Darüber habe ich intensiv nachgedacht.- Ich blrisfcfier, ich hätte mich in die soziale Arbeit gestürzt. Das gefällt mir so am Rotary-Club, daß man sich dort um Hilfe für bedürftige Menschen müht. Unser Club Berlin-Mitte unterstützt soziale Projekte. Für ein Haus in Berlin-Lichtenberg, in dem jugendliche Behinderte wohnen, haben wir den Einbau eines Fahrstuhls bezahlt. Für drei Stipendiaten, darunter zwei Musikstudenten aus der ehemaligen Sowjetunion, haben wir Geld gegeben, damit sie die Musikhochschule »Hanns Eisler« nicht verlassen müssen. Und ich bin gerade dabei, in den Werkstätten unseres Theaters zwei Ausbildungsplätze für Tischler zu organisieren, das kostet insgesamt über 110 000 Mark.

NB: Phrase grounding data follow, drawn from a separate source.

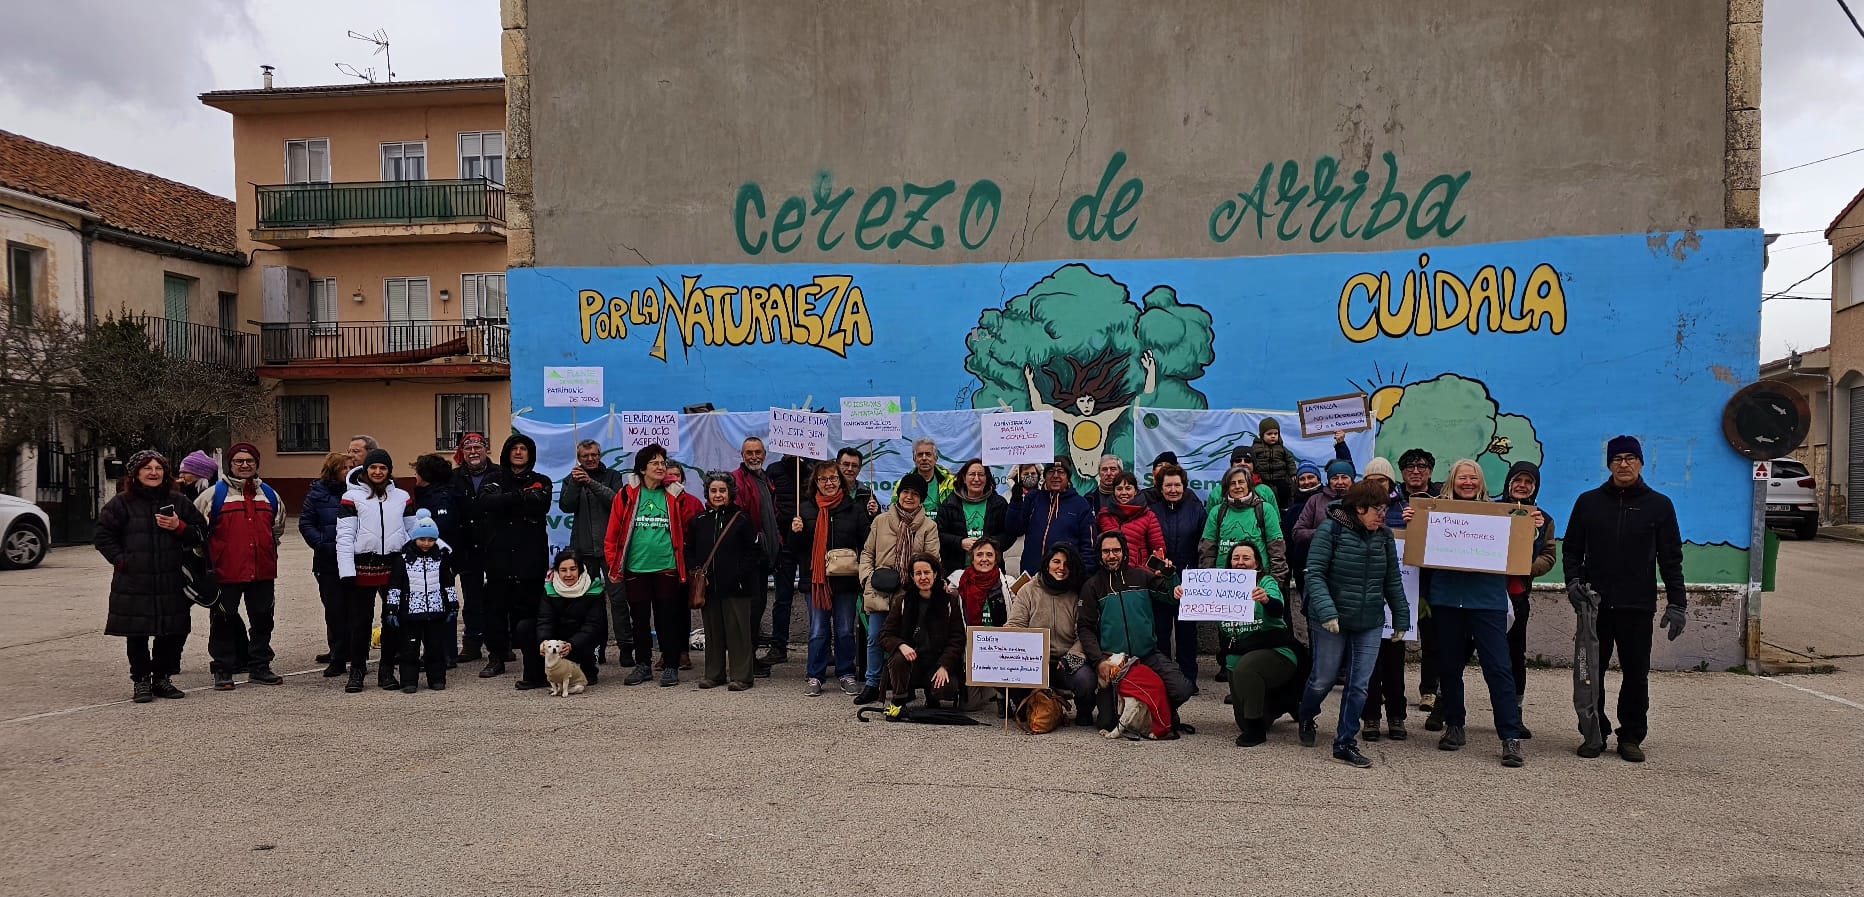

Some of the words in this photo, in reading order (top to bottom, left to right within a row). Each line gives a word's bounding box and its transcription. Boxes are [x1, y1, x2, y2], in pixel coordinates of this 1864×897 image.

[1067, 151, 1144, 243] de
[1208, 152, 1472, 243] Arriba
[578, 289, 629, 344] POR
[629, 287, 661, 326] LA
[649, 274, 874, 365] NATURALEZA
[623, 414, 632, 423] EL
[654, 414, 676, 424] MATA
[628, 426, 639, 435] NO
[640, 426, 650, 436] AL
[772, 424, 784, 436] YA
[1430, 516, 1441, 524] LA
[1188, 571, 1212, 583] PICO
[1216, 571, 1247, 584] LOBO
[1215, 588, 1252, 601] NATURAL

? Kommt das Geld aus Ihrer eigenen Tasche?

Nein, wir sammeln. Es ist inzwischen nicht mehr so wie früher, daß in den Rotary-Clubs nur die Betuchten versammelt sind, zu denen gehöre ich ja auch nicht. Aber ich kenne ein paar Leute, die etwas abgeben können. Darum geht es.

? Einer Ihrer Mitrotarier, der Bankier Dr. Johann Friedrich Overbeck, findet. Sie seien eine ganz tolle Frau. Gefällt Ihnen so ein Kompliment?

Ich weiß überhaupt nicht, was das ist, eine ganz tolle Frau, wissen Sie das?

? Herr Overbeck könnte das noch mal etwas vertiefen. Er gibt übrigens zu, daß es bei Ihrer Aufnahme auch um die Institution als solche gegangen sei, ärgern Sie sich, benutzt zu werden?

Wenn es um das Theater geht, macht mir das nichts aus. Die Herren hatten übrigens eine schwere Debatte um meine Aufnahme, das gefällt mir nun wieder, daß sie sich damit beschäftigen. Und die Entscheidung für meine Aufnahme war einstimmig.

? Rotarierin zu sein, heißt, jeden Montag mit den Herren zu Mittag zu essen. Ich stelle mir das anstrengend vor. Etikette, Kleiderordnung etc., beherrschen Sie die Spielregeln?

Die beherrsche ich, und das macht mir Spaß. Darauf lege ich im übrigen auch zu Hause Wert.

? Man kann da nicht so locker in Jeans hingehen...

So gehe ich auch sonst nicht, aber einfach, weil ich finde, daß mir Jeans nicht stehen. Sonst würde ich damit auch zu den Rotariern gehen - warum nicht?